DATASET EXTRACT:
┄┄┄┄┄┄┄┄┄┄┄┄┄┄┄┄┄┄┄┄

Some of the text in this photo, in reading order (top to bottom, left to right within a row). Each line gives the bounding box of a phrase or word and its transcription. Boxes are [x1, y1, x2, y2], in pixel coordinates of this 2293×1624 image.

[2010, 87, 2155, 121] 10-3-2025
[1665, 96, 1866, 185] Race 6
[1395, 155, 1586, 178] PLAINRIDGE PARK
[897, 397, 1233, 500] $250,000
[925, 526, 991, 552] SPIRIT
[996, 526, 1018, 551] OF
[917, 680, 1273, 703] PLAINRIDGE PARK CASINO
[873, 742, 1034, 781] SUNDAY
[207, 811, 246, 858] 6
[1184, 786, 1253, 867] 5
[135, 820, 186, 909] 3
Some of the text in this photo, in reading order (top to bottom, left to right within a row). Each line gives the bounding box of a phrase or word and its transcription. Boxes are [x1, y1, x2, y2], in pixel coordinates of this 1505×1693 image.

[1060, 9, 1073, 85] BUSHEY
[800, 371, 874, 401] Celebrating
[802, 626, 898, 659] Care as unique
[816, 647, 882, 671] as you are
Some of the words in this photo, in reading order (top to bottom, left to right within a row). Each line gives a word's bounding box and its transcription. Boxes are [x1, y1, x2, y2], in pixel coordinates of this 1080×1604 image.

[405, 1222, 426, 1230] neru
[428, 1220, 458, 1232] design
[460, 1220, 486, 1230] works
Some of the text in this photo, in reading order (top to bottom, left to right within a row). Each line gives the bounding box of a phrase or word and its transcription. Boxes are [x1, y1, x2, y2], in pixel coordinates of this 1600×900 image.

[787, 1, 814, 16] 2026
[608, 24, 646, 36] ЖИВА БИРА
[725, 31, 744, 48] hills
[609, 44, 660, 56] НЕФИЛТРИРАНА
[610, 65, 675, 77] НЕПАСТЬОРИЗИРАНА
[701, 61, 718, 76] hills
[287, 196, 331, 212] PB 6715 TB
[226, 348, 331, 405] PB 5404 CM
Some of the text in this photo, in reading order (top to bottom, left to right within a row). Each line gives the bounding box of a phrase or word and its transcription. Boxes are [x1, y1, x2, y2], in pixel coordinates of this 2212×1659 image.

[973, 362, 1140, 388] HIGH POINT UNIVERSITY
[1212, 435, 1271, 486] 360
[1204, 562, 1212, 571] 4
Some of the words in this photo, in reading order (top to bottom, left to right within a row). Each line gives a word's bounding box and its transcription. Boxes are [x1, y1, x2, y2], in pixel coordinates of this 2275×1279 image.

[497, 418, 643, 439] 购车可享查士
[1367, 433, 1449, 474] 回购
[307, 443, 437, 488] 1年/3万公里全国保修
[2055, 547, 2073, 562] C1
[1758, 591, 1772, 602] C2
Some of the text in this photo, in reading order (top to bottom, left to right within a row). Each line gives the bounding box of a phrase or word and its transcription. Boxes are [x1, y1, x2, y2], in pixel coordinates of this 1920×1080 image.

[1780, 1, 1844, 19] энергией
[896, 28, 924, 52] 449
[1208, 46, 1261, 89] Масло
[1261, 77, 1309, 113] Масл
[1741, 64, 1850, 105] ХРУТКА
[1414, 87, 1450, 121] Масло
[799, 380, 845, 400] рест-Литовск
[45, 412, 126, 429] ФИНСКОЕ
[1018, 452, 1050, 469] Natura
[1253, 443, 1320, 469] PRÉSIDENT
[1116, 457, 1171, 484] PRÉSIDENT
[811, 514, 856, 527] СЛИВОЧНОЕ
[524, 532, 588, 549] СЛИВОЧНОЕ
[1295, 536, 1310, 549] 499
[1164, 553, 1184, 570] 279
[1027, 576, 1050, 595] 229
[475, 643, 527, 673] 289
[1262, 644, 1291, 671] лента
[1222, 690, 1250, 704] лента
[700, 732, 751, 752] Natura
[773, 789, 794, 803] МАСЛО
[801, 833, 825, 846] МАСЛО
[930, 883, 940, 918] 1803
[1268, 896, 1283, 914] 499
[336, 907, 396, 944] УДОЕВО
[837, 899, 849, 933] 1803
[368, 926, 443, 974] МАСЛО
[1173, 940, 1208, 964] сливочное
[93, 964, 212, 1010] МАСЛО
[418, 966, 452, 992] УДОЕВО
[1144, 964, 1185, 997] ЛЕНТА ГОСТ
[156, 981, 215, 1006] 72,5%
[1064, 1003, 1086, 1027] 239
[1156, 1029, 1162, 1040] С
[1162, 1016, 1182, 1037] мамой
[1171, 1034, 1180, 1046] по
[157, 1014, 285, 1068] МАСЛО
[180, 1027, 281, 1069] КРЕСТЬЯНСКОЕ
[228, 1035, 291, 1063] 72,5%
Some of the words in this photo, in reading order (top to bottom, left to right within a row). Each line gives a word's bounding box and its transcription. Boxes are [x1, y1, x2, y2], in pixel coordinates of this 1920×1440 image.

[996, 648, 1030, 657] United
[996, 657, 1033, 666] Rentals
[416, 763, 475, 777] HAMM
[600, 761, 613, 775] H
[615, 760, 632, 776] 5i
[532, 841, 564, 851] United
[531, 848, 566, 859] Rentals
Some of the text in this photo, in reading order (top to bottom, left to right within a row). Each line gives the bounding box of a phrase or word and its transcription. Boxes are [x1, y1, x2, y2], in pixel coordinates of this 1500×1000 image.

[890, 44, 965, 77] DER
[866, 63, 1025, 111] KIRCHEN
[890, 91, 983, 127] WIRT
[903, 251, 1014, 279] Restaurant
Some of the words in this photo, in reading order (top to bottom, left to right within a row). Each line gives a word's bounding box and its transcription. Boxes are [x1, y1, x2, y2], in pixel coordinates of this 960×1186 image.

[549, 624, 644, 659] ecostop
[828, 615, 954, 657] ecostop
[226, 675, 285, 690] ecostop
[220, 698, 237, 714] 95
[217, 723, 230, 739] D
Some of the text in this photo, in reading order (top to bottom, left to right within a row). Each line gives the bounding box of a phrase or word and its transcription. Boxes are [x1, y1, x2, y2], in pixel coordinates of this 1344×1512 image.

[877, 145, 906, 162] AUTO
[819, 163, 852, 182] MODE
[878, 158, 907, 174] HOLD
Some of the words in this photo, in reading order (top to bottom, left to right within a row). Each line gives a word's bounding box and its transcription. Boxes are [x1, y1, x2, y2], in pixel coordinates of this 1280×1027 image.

┄┄┄┄┄┄┄┄┄┄┄┄┄┄┄┄┄┄┄┄

Please give all the entries above again, exactly as they stand.

Some of the text in this photo, in reading order (top to bottom, left to right within a row). Each line gives the bounding box of a phrase or word and its transcription. Boxes are [x1, y1, x2, y2], in pixel coordinates of this 2293×1624 image.

[2010, 87, 2155, 121] 10-3-2025
[1665, 96, 1866, 185] Race 6
[1395, 155, 1586, 178] PLAINRIDGE PARK
[897, 397, 1233, 500] $250,000
[925, 526, 991, 552] SPIRIT
[996, 526, 1018, 551] OF
[917, 680, 1273, 703] PLAINRIDGE PARK CASINO
[873, 742, 1034, 781] SUNDAY
[207, 811, 246, 858] 6
[1184, 786, 1253, 867] 5
[135, 820, 186, 909] 3
Some of the text in this photo, in reading order (top to bottom, left to right within a row). Each line gives the bounding box of a phrase or word and its transcription. Boxes are [x1, y1, x2, y2], in pixel coordinates of this 1505×1693 image.

[1060, 9, 1073, 85] BUSHEY
[800, 371, 874, 401] Celebrating
[802, 626, 898, 659] Care as unique
[816, 647, 882, 671] as you are
Some of the words in this photo, in reading order (top to bottom, left to right within a row). Each line gives a word's bounding box and its transcription. Boxes are [x1, y1, x2, y2], in pixel coordinates of this 1080×1604 image.

[405, 1222, 426, 1230] neru
[428, 1220, 458, 1232] design
[460, 1220, 486, 1230] works
Some of the text in this photo, in reading order (top to bottom, left to right within a row). Each line gives the bounding box of a phrase or word and its transcription. Boxes are [x1, y1, x2, y2], in pixel coordinates of this 1600×900 image.

[787, 1, 814, 16] 2026
[608, 24, 646, 36] ЖИВА БИРА
[725, 31, 744, 48] hills
[609, 44, 660, 56] НЕФИЛТРИРАНА
[610, 65, 675, 77] НЕПАСТЬОРИЗИРАНА
[701, 61, 718, 76] hills
[287, 196, 331, 212] PB 6715 TB
[226, 348, 331, 405] PB 5404 CM
Some of the text in this photo, in reading order (top to bottom, left to right within a row). Each line gives the bounding box of a phrase or word and its transcription. Boxes are [x1, y1, x2, y2], in pixel coordinates of this 2212×1659 image.

[973, 362, 1140, 388] HIGH POINT UNIVERSITY
[1212, 435, 1271, 486] 360
[1204, 562, 1212, 571] 4
Some of the words in this photo, in reading order (top to bottom, left to right within a row). Each line gives a word's bounding box and its transcription. Boxes are [x1, y1, x2, y2], in pixel coordinates of this 2275×1279 image.

[497, 418, 643, 439] 购车可享查士
[1367, 433, 1449, 474] 回购
[307, 443, 437, 488] 1年/3万公里全国保修
[2055, 547, 2073, 562] C1
[1758, 591, 1772, 602] C2
Some of the text in this photo, in reading order (top to bottom, left to right within a row). Each line gives the bounding box of a phrase or word and its transcription. Boxes are [x1, y1, x2, y2], in pixel coordinates of this 1920×1080 image.

[1780, 1, 1844, 19] энергией
[896, 28, 924, 52] 449
[1208, 46, 1261, 89] Масло
[1261, 77, 1309, 113] Масл
[1741, 64, 1850, 105] ХРУТКА
[1414, 87, 1450, 121] Масло
[799, 380, 845, 400] рест-Литовск
[45, 412, 126, 429] ФИНСКОЕ
[1018, 452, 1050, 469] Natura
[1253, 443, 1320, 469] PRÉSIDENT
[1116, 457, 1171, 484] PRÉSIDENT
[811, 514, 856, 527] СЛИВОЧНОЕ
[524, 532, 588, 549] СЛИВОЧНОЕ
[1295, 536, 1310, 549] 499
[1164, 553, 1184, 570] 279
[1027, 576, 1050, 595] 229
[475, 643, 527, 673] 289
[1262, 644, 1291, 671] лента
[1222, 690, 1250, 704] лента
[700, 732, 751, 752] Natura
[773, 789, 794, 803] МАСЛО
[801, 833, 825, 846] МАСЛО
[930, 883, 940, 918] 1803
[1268, 896, 1283, 914] 499
[336, 907, 396, 944] УДОЕВО
[837, 899, 849, 933] 1803
[368, 926, 443, 974] МАСЛО
[1173, 940, 1208, 964] сливочное
[93, 964, 212, 1010] МАСЛО
[418, 966, 452, 992] УДОЕВО
[1144, 964, 1185, 997] ЛЕНТА ГОСТ
[156, 981, 215, 1006] 72,5%
[1064, 1003, 1086, 1027] 239
[1156, 1029, 1162, 1040] С
[1162, 1016, 1182, 1037] мамой
[1171, 1034, 1180, 1046] по
[157, 1014, 285, 1068] МАСЛО
[180, 1027, 281, 1069] КРЕСТЬЯНСКОЕ
[228, 1035, 291, 1063] 72,5%
Some of the words in this photo, in reading order (top to bottom, left to right within a row). Each line gives a word's bounding box and its transcription. Boxes are [x1, y1, x2, y2], in pixel coordinates of this 1920×1440 image.

[996, 648, 1030, 657] United
[996, 657, 1033, 666] Rentals
[416, 763, 475, 777] HAMM
[600, 761, 613, 775] H
[615, 760, 632, 776] 5i
[532, 841, 564, 851] United
[531, 848, 566, 859] Rentals
Some of the text in this photo, in reading order (top to bottom, left to right within a row). Each line gives the bounding box of a phrase or word and its transcription. Boxes are [x1, y1, x2, y2], in pixel coordinates of this 1500×1000 image.

[890, 44, 965, 77] DER
[866, 63, 1025, 111] KIRCHEN
[890, 91, 983, 127] WIRT
[903, 251, 1014, 279] Restaurant
Some of the words in this photo, in reading order (top to bottom, left to right within a row). Each line gives a word's bounding box and its transcription. Boxes are [x1, y1, x2, y2], in pixel coordinates of this 960×1186 image.

[549, 624, 644, 659] ecostop
[828, 615, 954, 657] ecostop
[226, 675, 285, 690] ecostop
[220, 698, 237, 714] 95
[217, 723, 230, 739] D
Some of the text in this photo, in reading order (top to bottom, left to right within a row). Each line gives the bounding box of a phrase or word and its transcription. Boxes are [x1, y1, x2, y2], in pixel coordinates of this 1344×1512 image.

[877, 145, 906, 162] AUTO
[819, 163, 852, 182] MODE
[878, 158, 907, 174] HOLD
Some of the words in this photo, in reading order (top to bottom, left to right within a row). Each line gives a word's bounding box and its transcription. Boxes are [x1, y1, x2, y2], in pixel coordinates of this 1280×1027 image.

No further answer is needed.